Special parliamentary committee on missing, murdered Indigenous women at centre of House of Commons procedural battle

The fate of a special parliamentary committee created to study the high rate of murdered and missing Indigenous women is at the centre of a procedural battle between the Harper government and opposition parties.

APTN National News
OTTAWA–The fate of a special parliamentary committee created to study the high rate of murdered and missing Indigenous women is at the centre of a procedural battle between the Harper government and opposition parties.

NDP House Leader Nathan Cullen says the Harper government is using the committee in a ploy to force opposition parties into giving the federal government “carte blanche” to re-introduce legislation at the same stage it died on the order paper after the governor general prorogued Parliament at the request of the Prime Minister Stephen Harper.

“They are trying to get us to give them carte blanche on all the bills they want to reintroduce and they are holding up the study on murdered and missing Aboriginal women to do it,” said Cullen. “It is wrong to use this issue to do that.”
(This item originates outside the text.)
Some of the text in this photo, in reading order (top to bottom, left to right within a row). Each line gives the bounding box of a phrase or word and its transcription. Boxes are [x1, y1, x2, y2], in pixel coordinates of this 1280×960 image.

The Conservatives have introduced an omnibus motion onto the Order Paper to bring back all bills spiked by prorogation and revive a parliamentary committee that was studying the issue of murdered and missing Indigenous women. That committee was also dissolved as a result of prorogation.
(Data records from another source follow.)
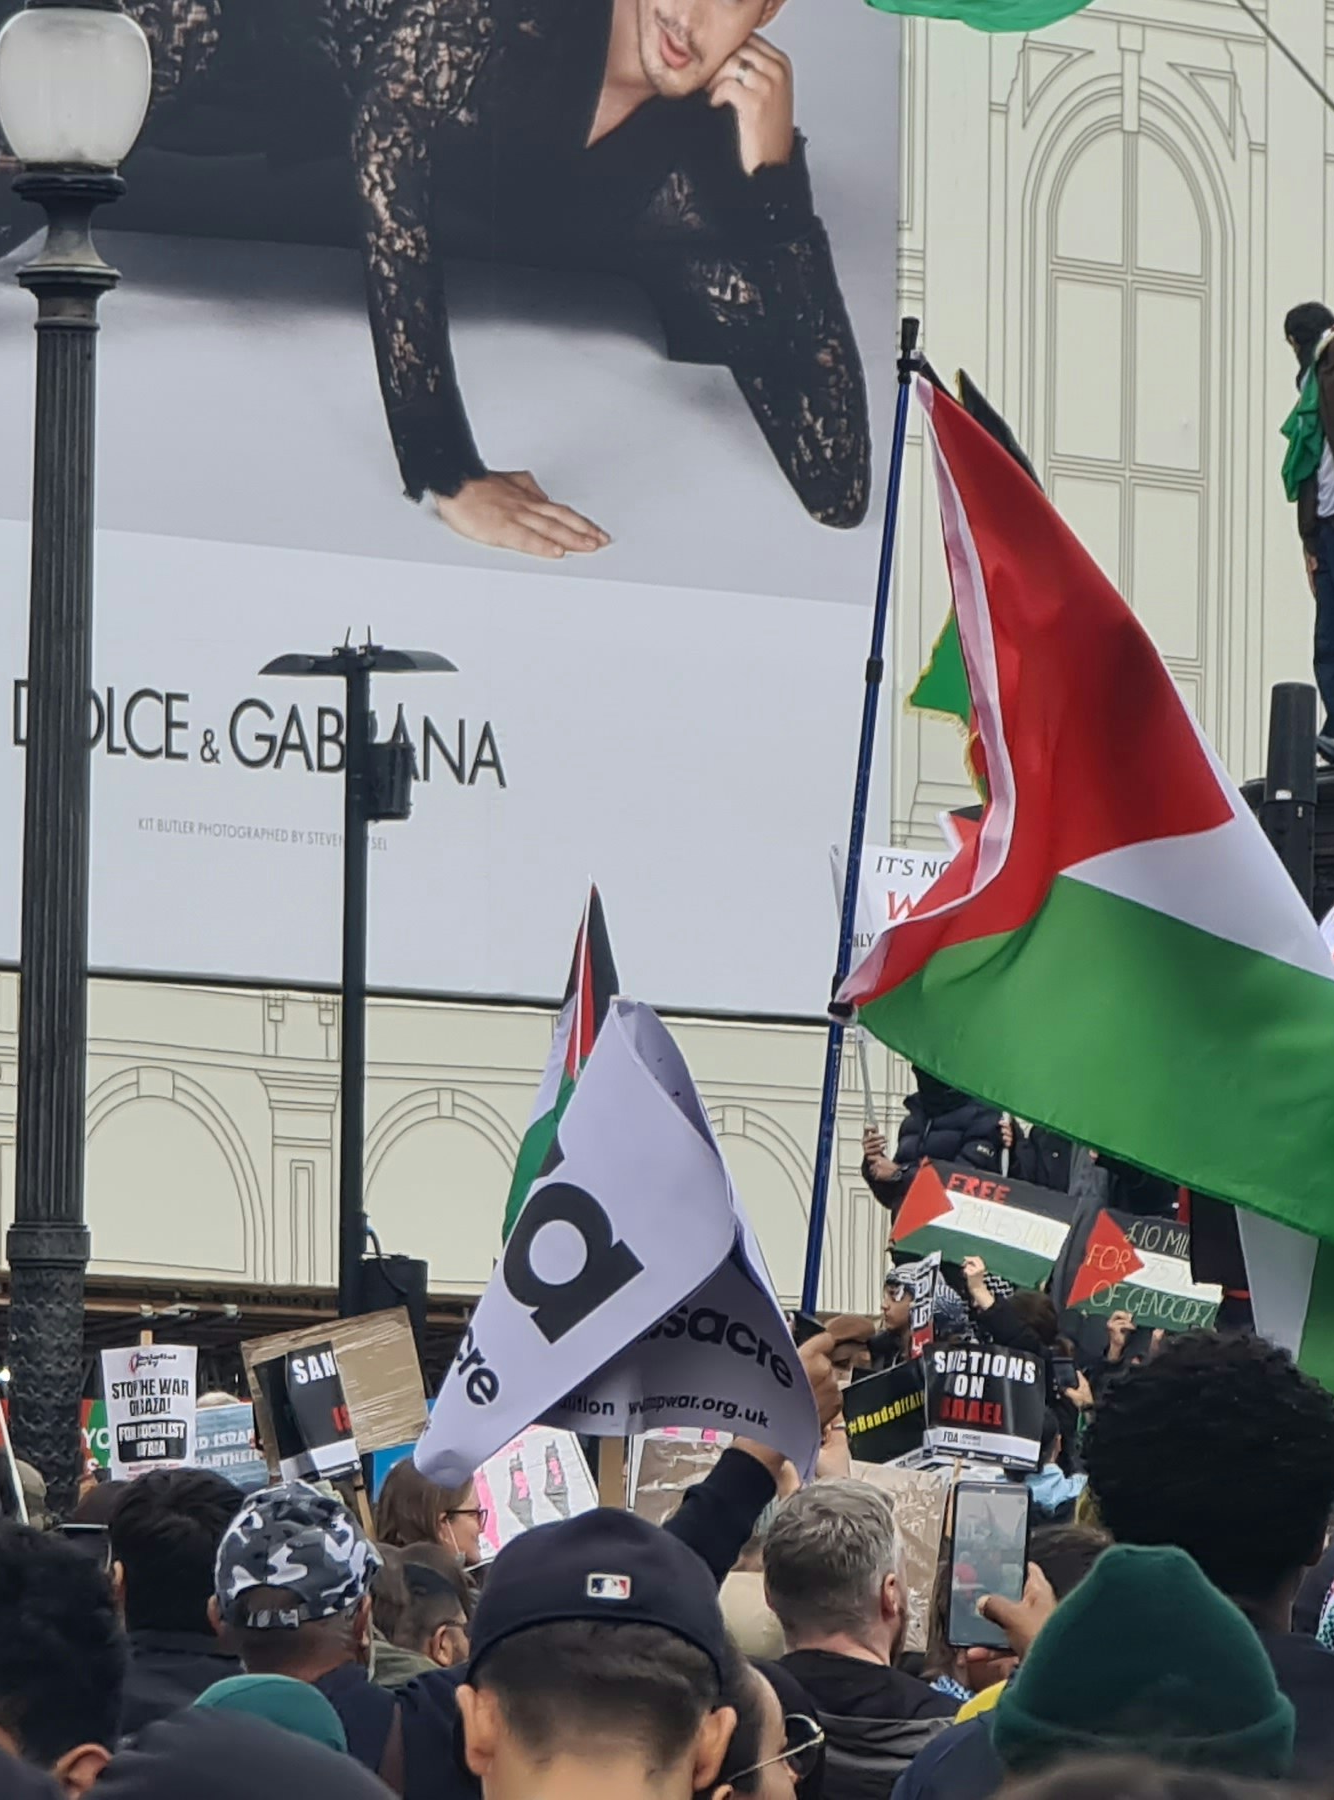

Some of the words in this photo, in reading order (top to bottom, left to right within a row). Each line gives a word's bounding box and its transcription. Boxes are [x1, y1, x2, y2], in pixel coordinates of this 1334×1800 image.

[200, 729, 220, 765] &
[229, 698, 507, 789] GABANA
[138, 817, 154, 831] KIT
[157, 818, 195, 835] BUTLER
[198, 822, 289, 843] PHOTOGRAPHED
[291, 830, 305, 844] BY
[876, 855, 915, 877] IT'S
[946, 1172, 1012, 1204] FREE
[1162, 1229, 1190, 1259] MIL
[1085, 1243, 1132, 1273] FOR
[1091, 1280, 1127, 1307] OF
[159, 1378, 189, 1396] WAR
[954, 1374, 985, 1399] ON
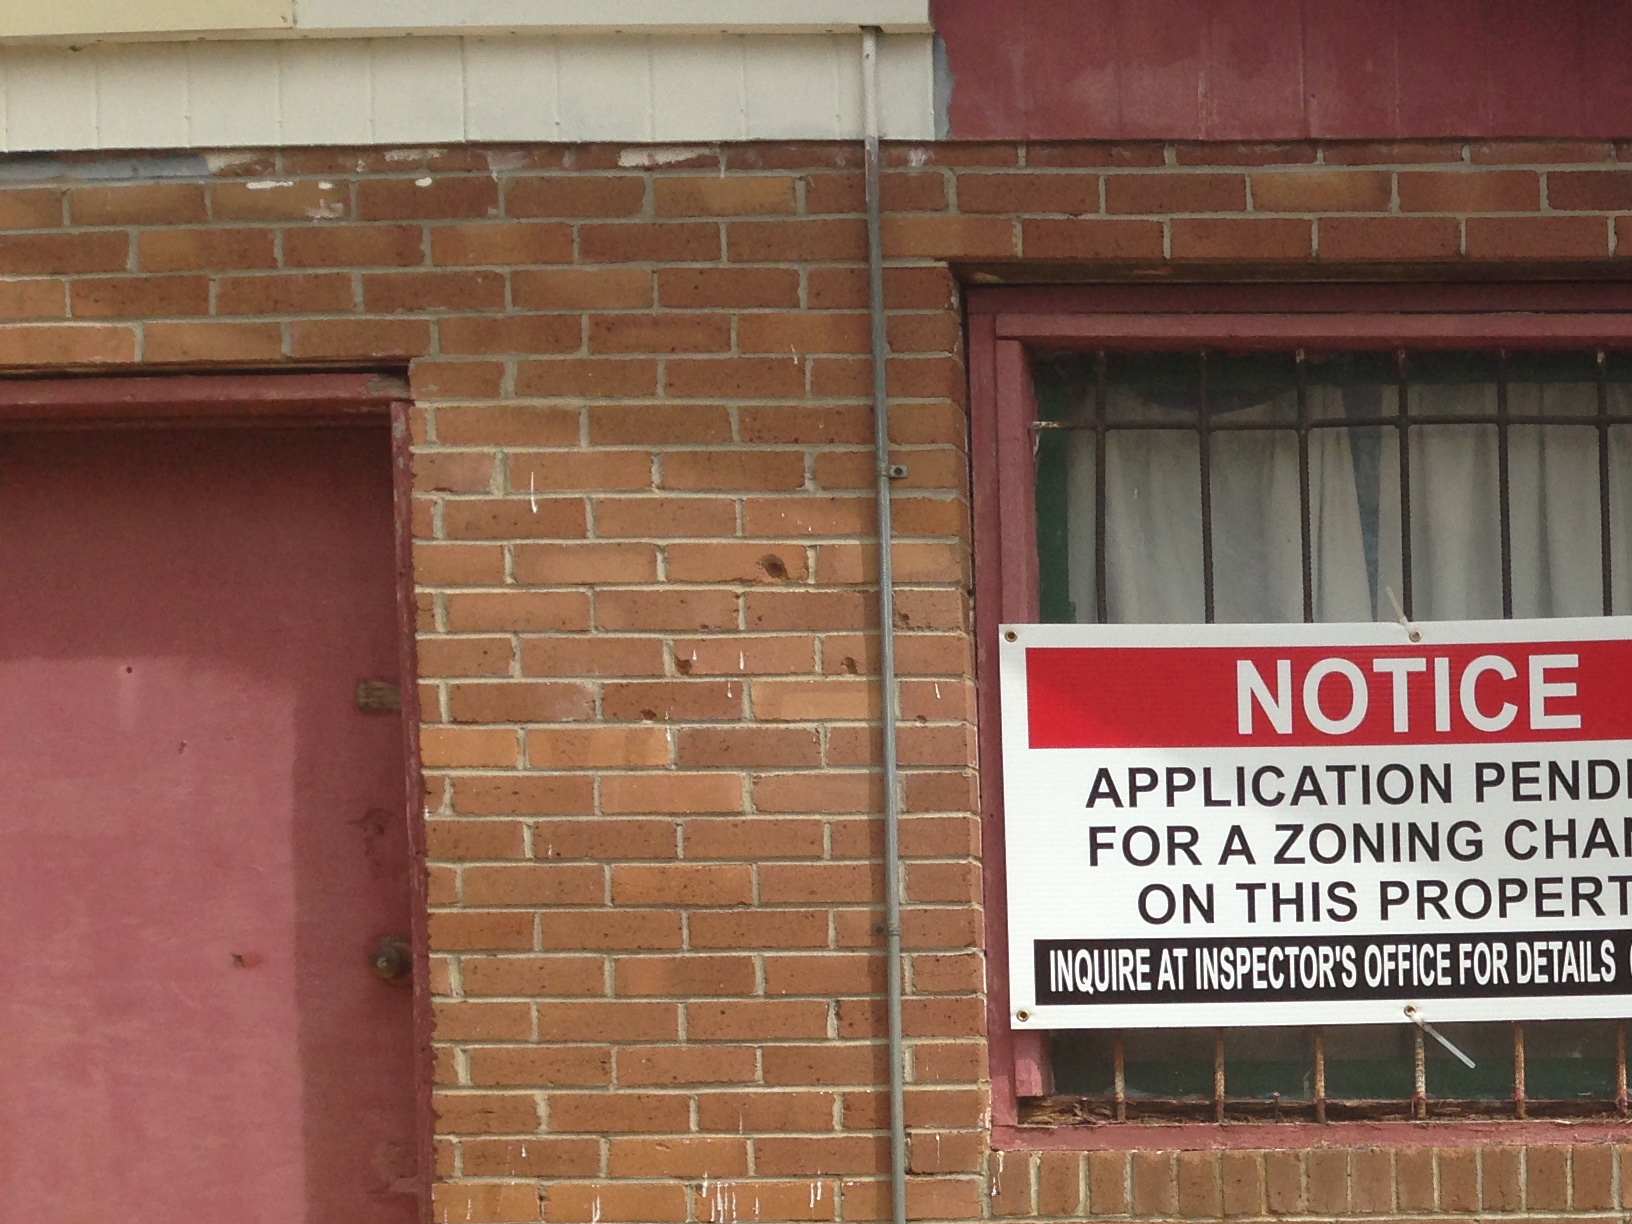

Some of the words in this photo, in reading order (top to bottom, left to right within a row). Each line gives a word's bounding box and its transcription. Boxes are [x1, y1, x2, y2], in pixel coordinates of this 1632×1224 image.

[1237, 654, 1581, 734] NOTICE
[1086, 763, 1451, 808] APPLICATION
[1090, 826, 1201, 866] FOR
[1219, 825, 1256, 865] A
[1274, 821, 1482, 864] ZONING
[1138, 884, 1214, 924] ON
[1236, 881, 1357, 923] THIS
[1050, 949, 1151, 994] INQUIRE
[1158, 948, 1188, 990] AT
[1196, 945, 1356, 990] INSPECTOR'S
[1365, 944, 1451, 987] OFFICE
[1459, 943, 1509, 985] FOR
[1516, 940, 1615, 983] DETAILS
“They have connected the two things. They are trying to get their whole agenda back before they shut down the house and tying it to the study on missing and murdered Aboriginal women,” said Cullen. “That is not normal, that is not right. We have told the government from day one, ‘don’t do that.’ It forces us into a place we don’t want to be.”
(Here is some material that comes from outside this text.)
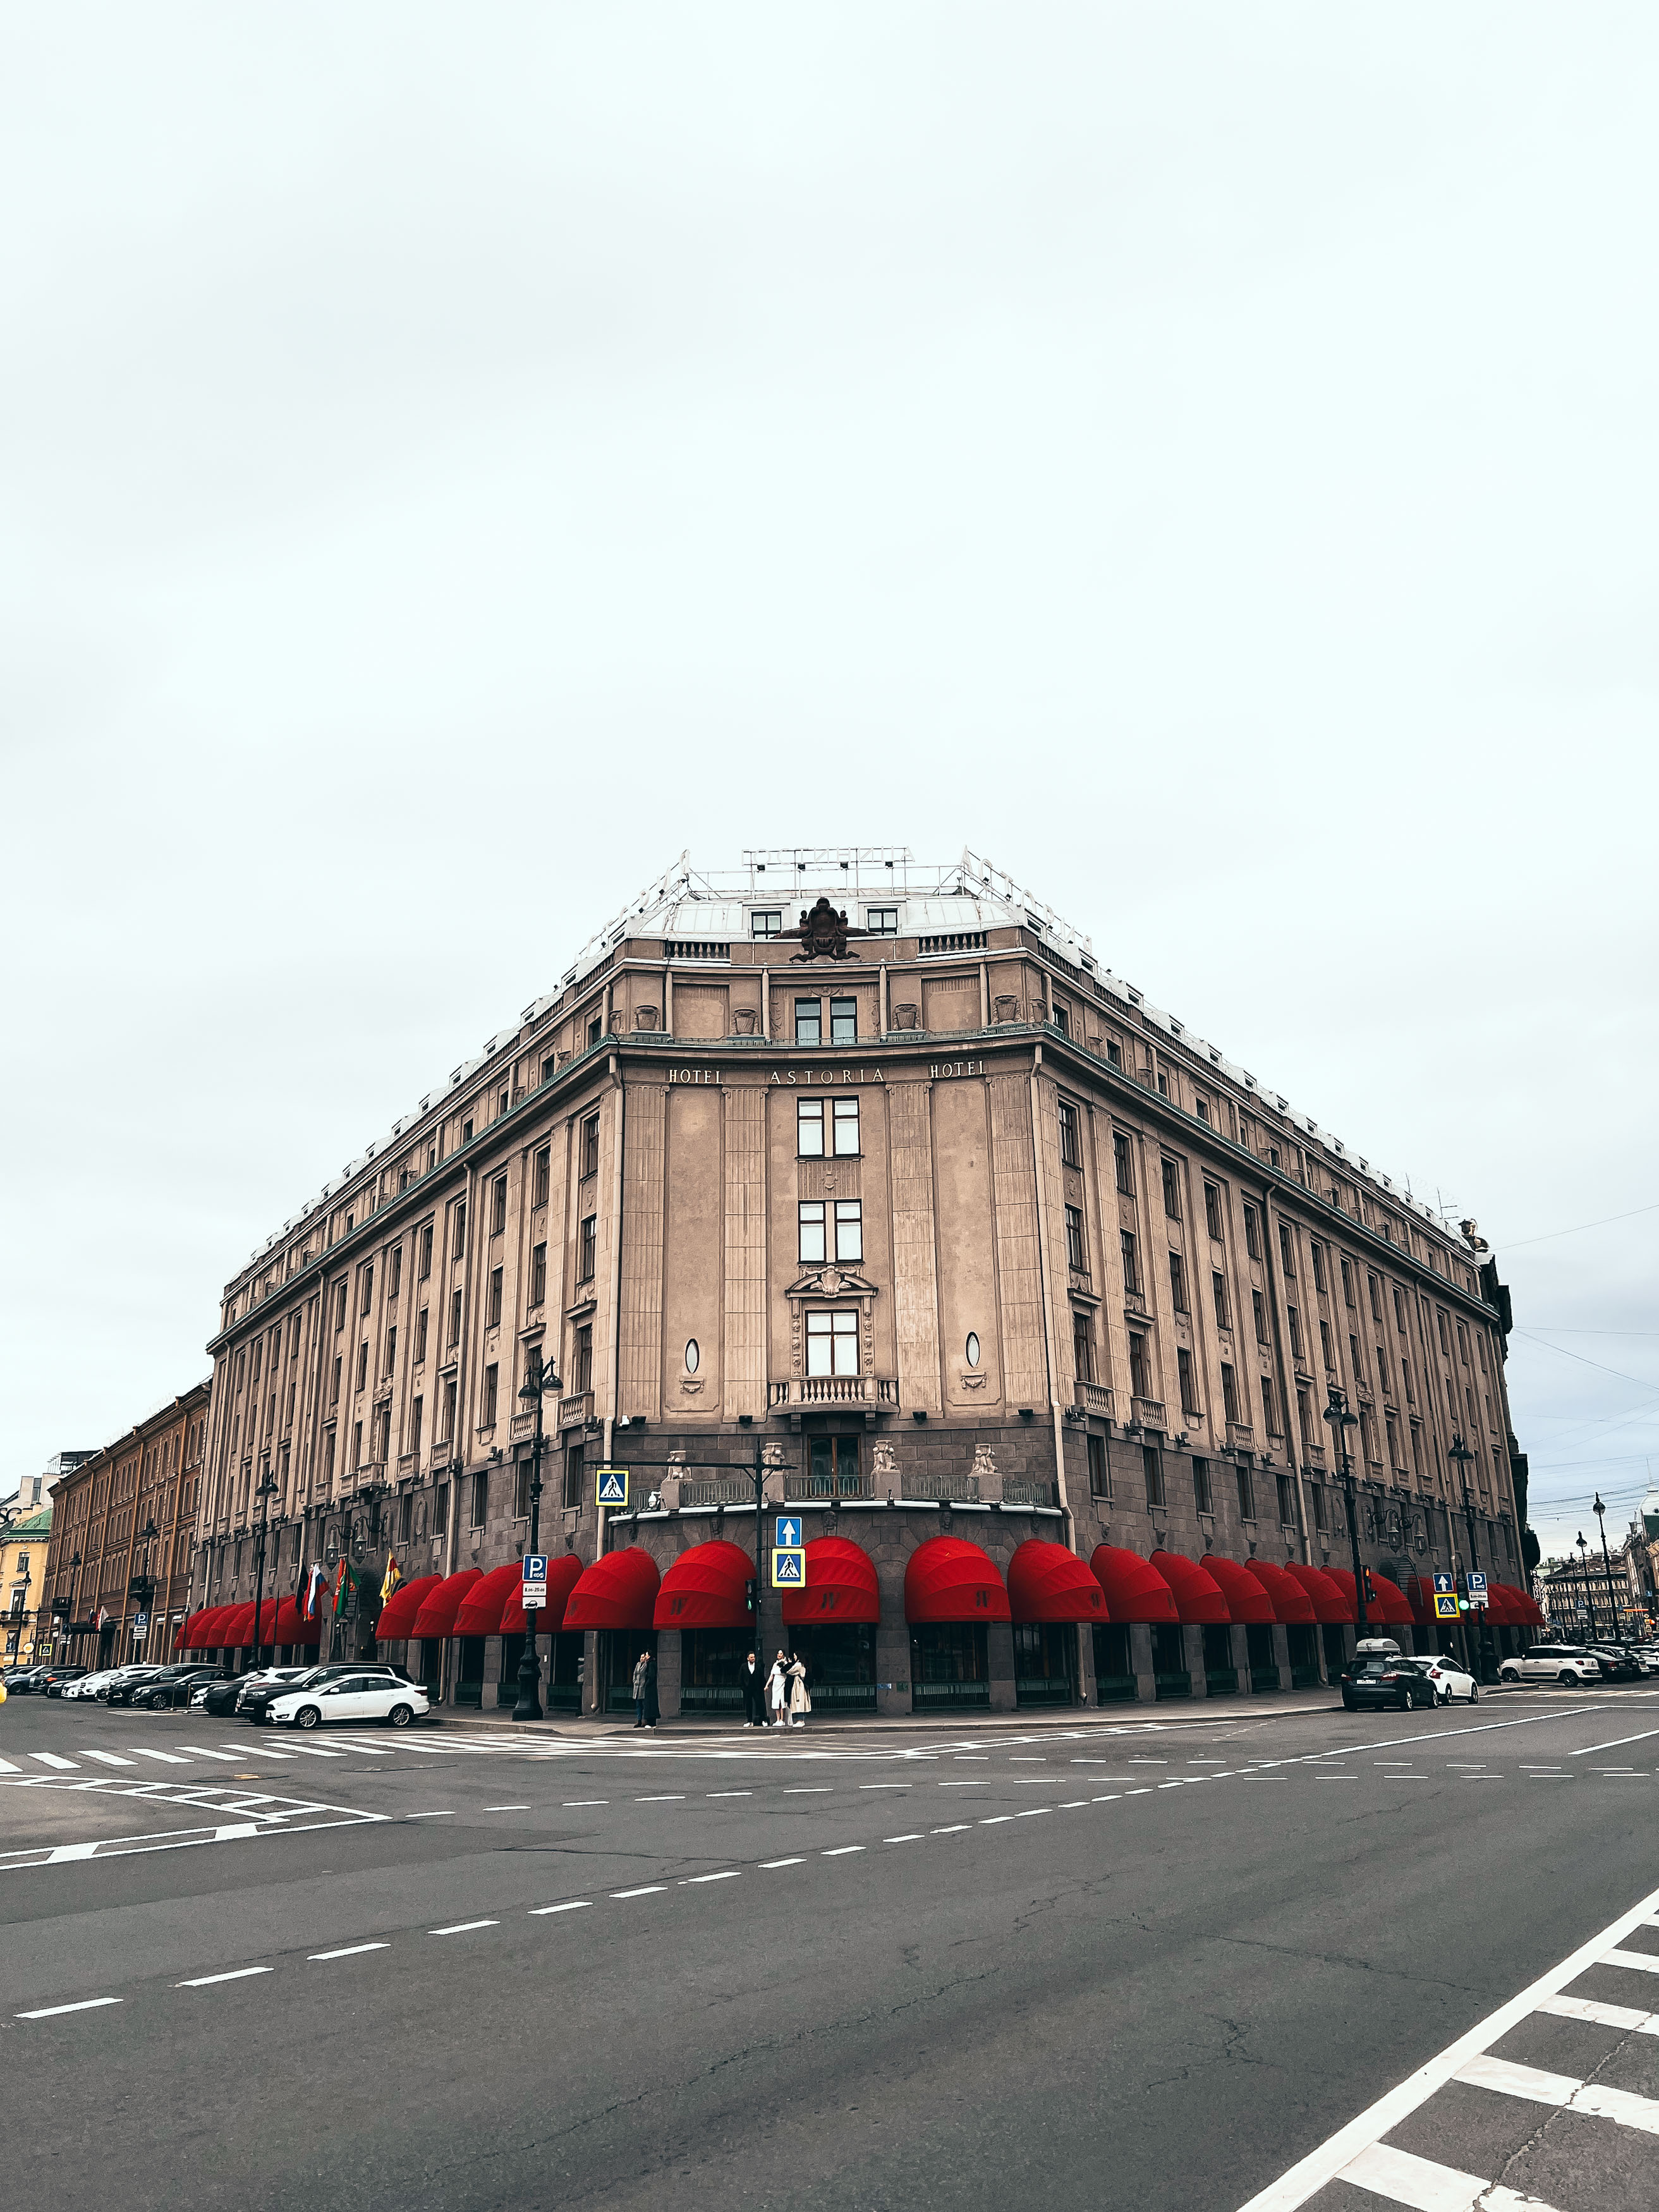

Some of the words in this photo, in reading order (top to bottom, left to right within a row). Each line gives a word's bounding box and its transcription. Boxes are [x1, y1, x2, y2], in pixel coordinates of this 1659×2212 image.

Government House Leader Peter Van Loan’s office accused the NDP of playing “partisan games” on the issue.

“We are taking a balanced, principle-based approach that reinstates government and opposition motions, bills and committee mandates as they were in June,” said Van Loan’s office in a statement. “This includes the special committee on missing and murdered Indigenous women and girls.”

The motion could either be passed through unanimous consent by the House of Commons or be put to a debate and vote.